(STUDY MATERIAL)

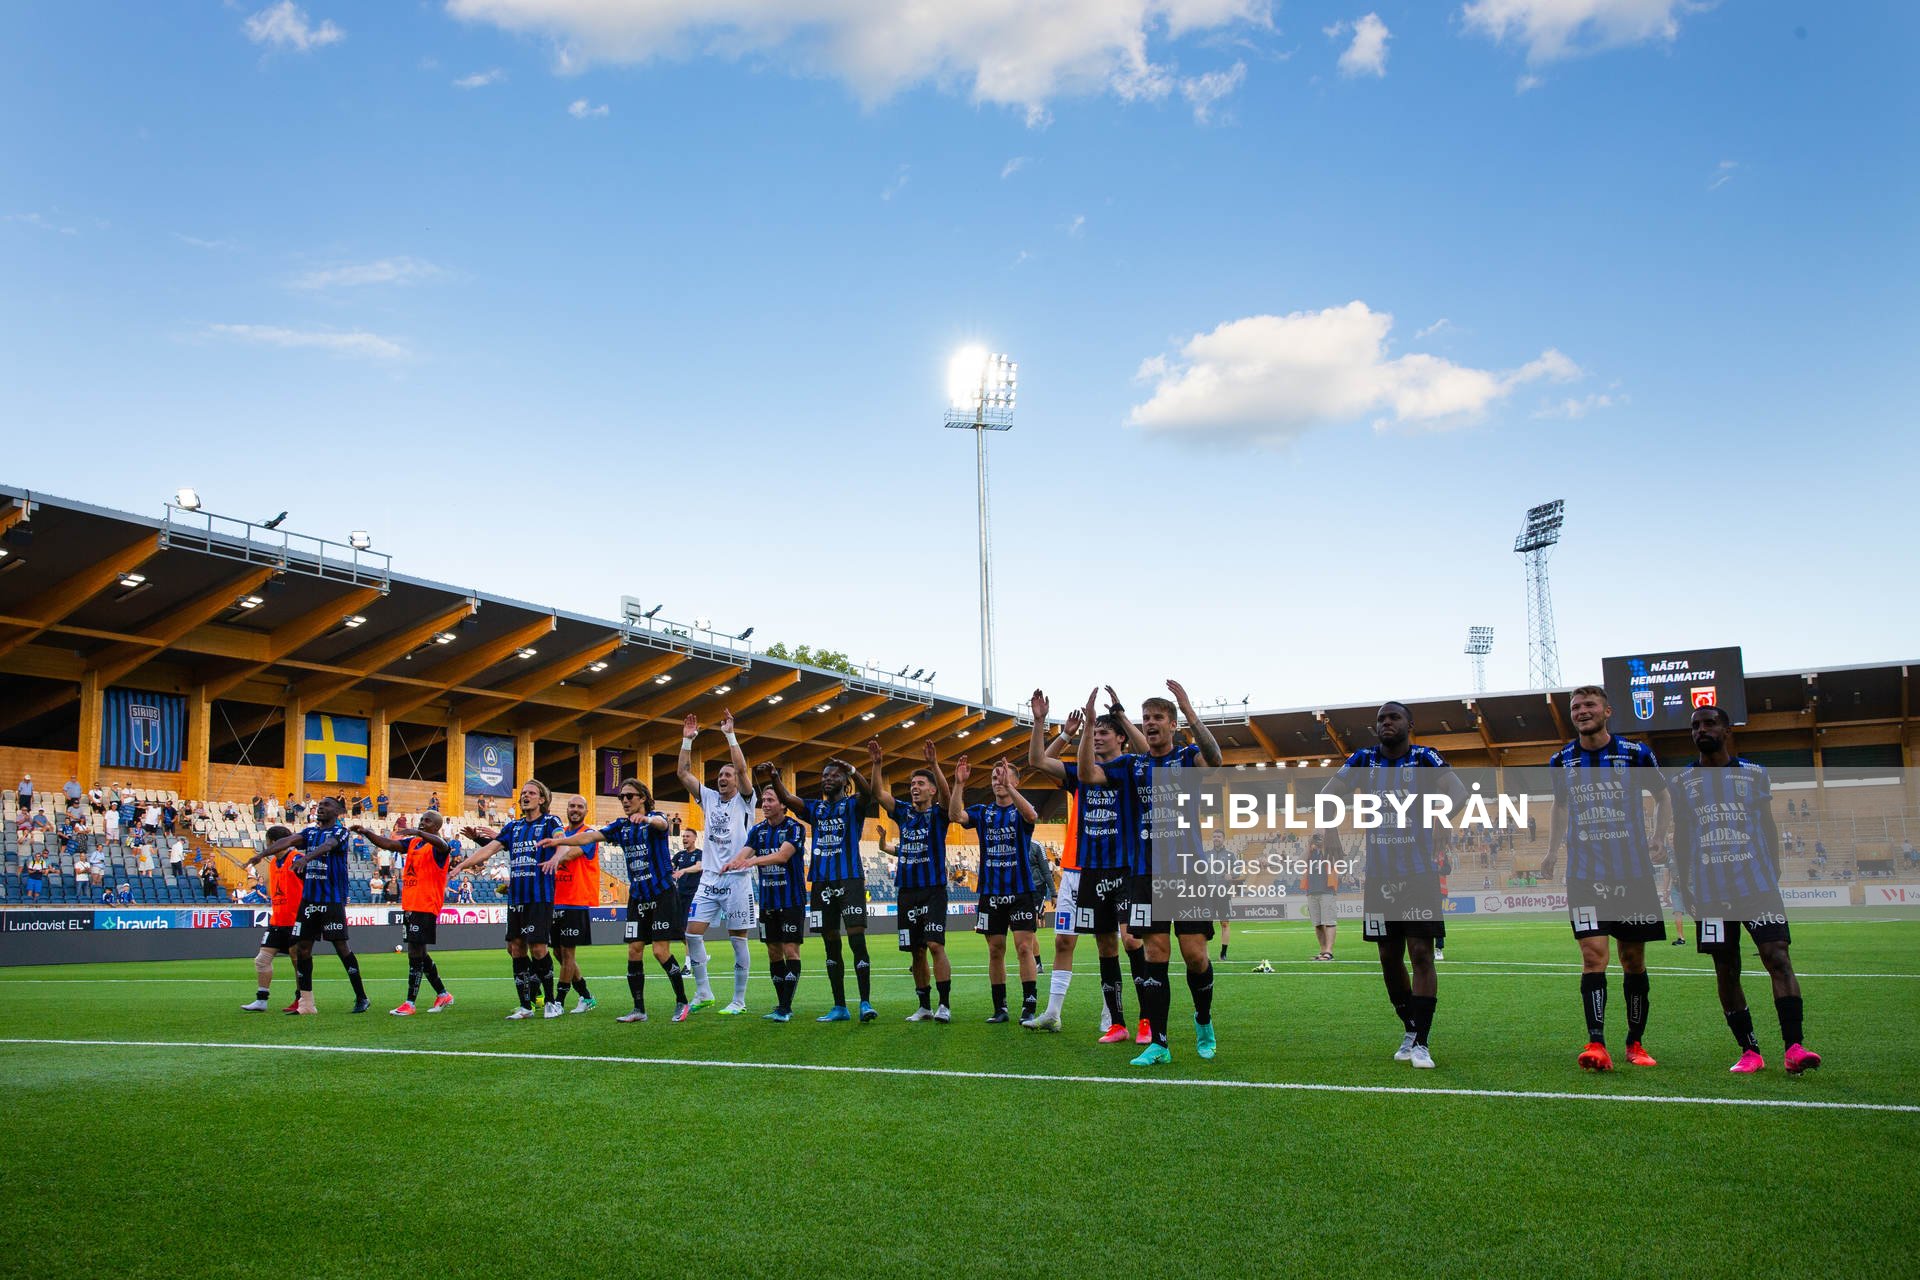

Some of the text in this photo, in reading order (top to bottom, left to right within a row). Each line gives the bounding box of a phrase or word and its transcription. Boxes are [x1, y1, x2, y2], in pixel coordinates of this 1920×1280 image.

[1650, 660, 1690, 672] NÄSTA
[1630, 670, 1716, 686] HEMMAMATCH
[132, 707, 158, 719] SIRIUS
[1570, 783, 1594, 795] BYGG
[1573, 790, 1626, 804] CONSTRUCT
[1695, 803, 1718, 816] BYGG
[1699, 812, 1748, 825] CONSTRUCT
[1376, 836, 1416, 845] BILFORUM
[1588, 830, 1630, 841] BILFORUM
[1710, 852, 1753, 864] BILFORUM
[704, 885, 732, 897] gibon
[1244, 907, 1279, 917] inkClub
[69, 919, 84, 930] EL
[193, 911, 233, 928] UFS

(End STUDY MATERIAL)

EXERCISE:
Would you give the data above again word for word, skipping any images?

WRITTEN RESPONSE:
Some of the text in this photo, in reading order (top to bottom, left to right within a row). Each line gives the bounding box of a phrase or word and its transcription. Boxes are [x1, y1, x2, y2], in pixel coordinates of this 1920×1280 image.

[1650, 660, 1690, 672] NÄSTA
[1630, 670, 1716, 686] HEMMAMATCH
[132, 707, 158, 719] SIRIUS
[1570, 783, 1594, 795] BYGG
[1573, 790, 1626, 804] CONSTRUCT
[1695, 803, 1718, 816] BYGG
[1699, 812, 1748, 825] CONSTRUCT
[1376, 836, 1416, 845] BILFORUM
[1588, 830, 1630, 841] BILFORUM
[1710, 852, 1753, 864] BILFORUM
[704, 885, 732, 897] gibon
[1244, 907, 1279, 917] inkClub
[69, 919, 84, 930] EL
[193, 911, 233, 928] UFS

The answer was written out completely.